Annotated photo localization data
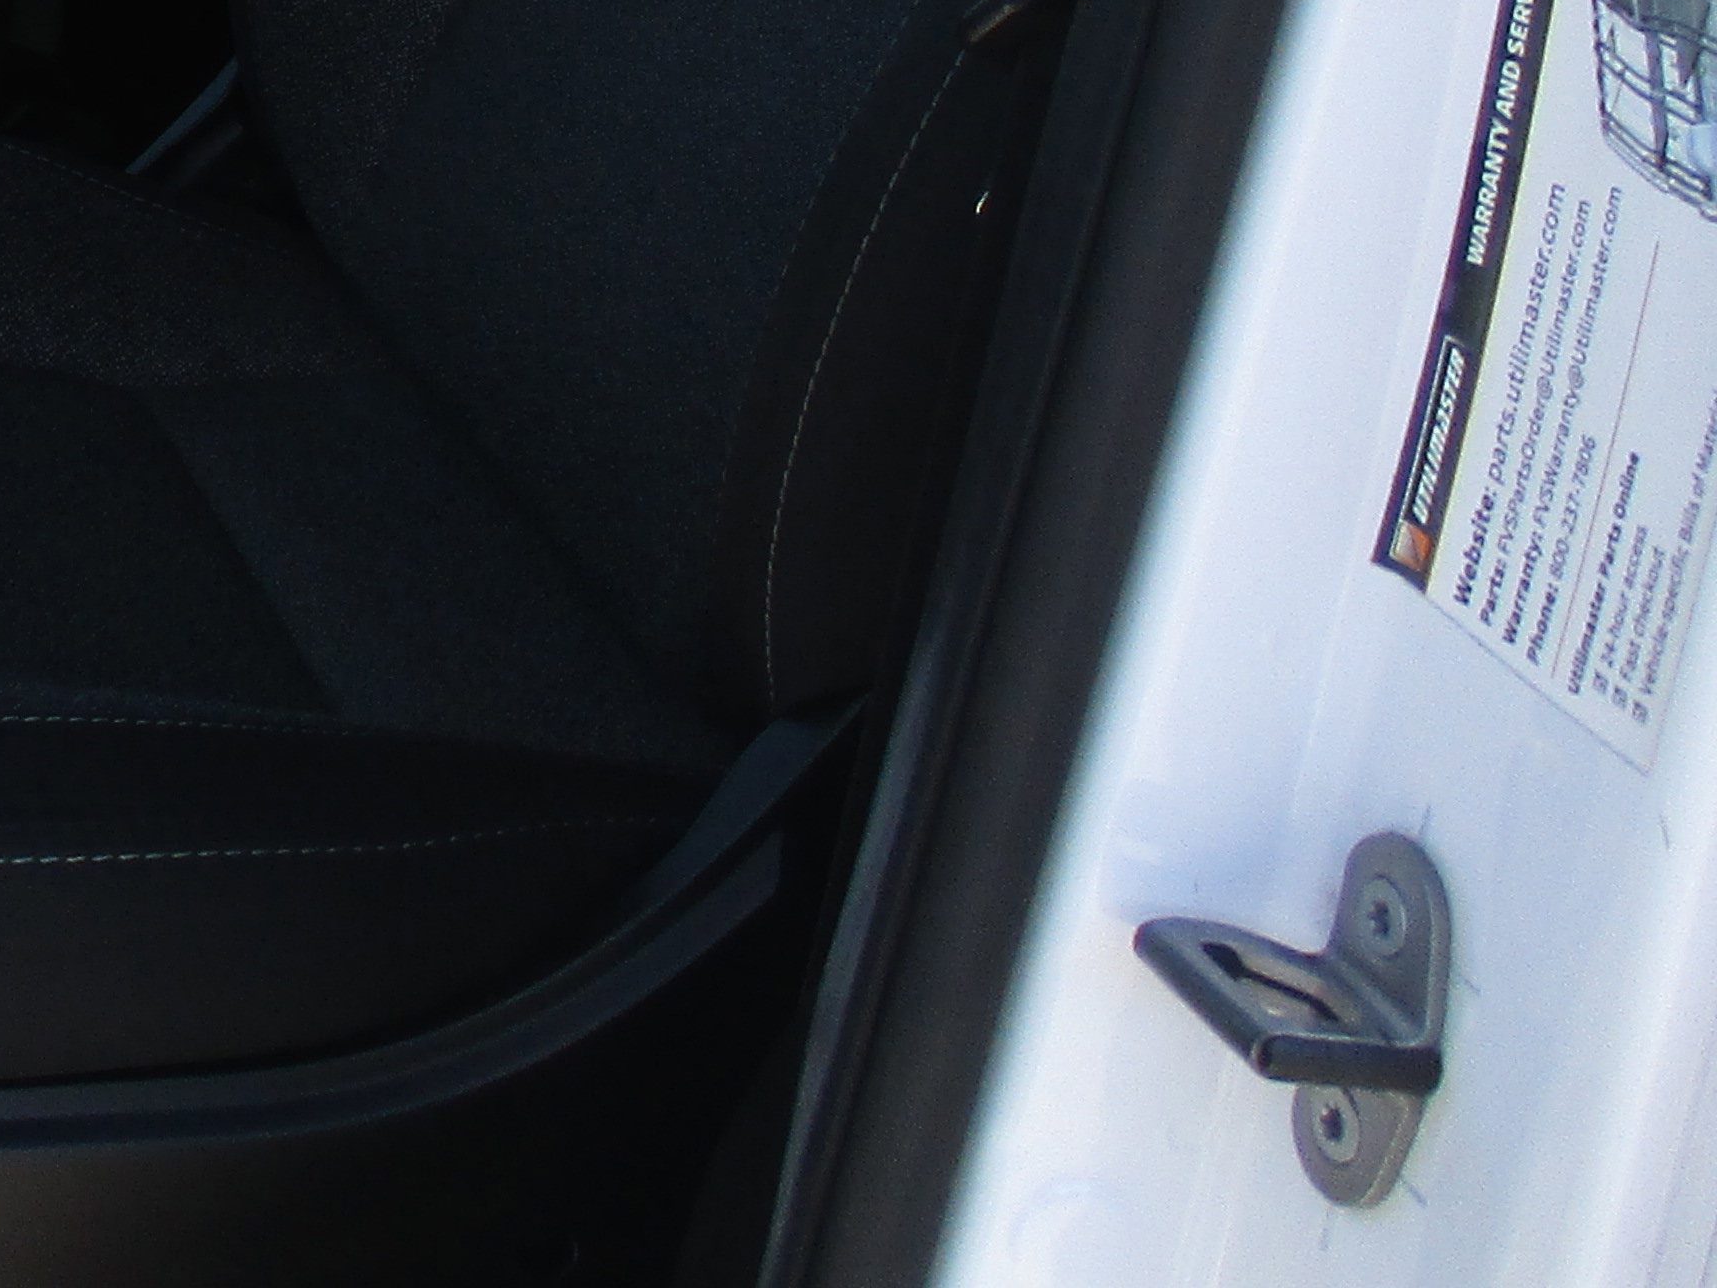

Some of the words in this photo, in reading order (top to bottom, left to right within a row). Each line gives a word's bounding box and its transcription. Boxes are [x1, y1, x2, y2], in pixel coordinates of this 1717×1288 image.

[1464, 114, 1511, 267] WARRANTY
[1494, 53, 1523, 123] AND
[1452, 481, 1498, 609] Website:
[1485, 177, 1566, 487] parts.utilimaster.com
[1477, 554, 1507, 628] Parts:
[1501, 528, 1544, 646] Warranty:
[1525, 579, 1559, 666] Phone:
[1566, 579, 1607, 697] Utilimaster
[1596, 519, 1622, 580] Parts
[1610, 449, 1641, 521] Online
[1617, 637, 1642, 684] Fast

Activity
Without changing a word, retype every entry above, but drop its pictures.

Your solution
Some of the words in this photo, in reading order (top to bottom, left to right within a row). Each line gives a word's bounding box and its transcription. Boxes are [x1, y1, x2, y2], in pixel coordinates of this 1717×1288 image.

[1464, 114, 1511, 267] WARRANTY
[1494, 53, 1523, 123] AND
[1452, 481, 1498, 609] Website:
[1485, 177, 1566, 487] parts.utilimaster.com
[1477, 554, 1507, 628] Parts:
[1501, 528, 1544, 646] Warranty:
[1525, 579, 1559, 666] Phone:
[1566, 579, 1607, 697] Utilimaster
[1596, 519, 1622, 580] Parts
[1610, 449, 1641, 521] Online
[1617, 637, 1642, 684] Fast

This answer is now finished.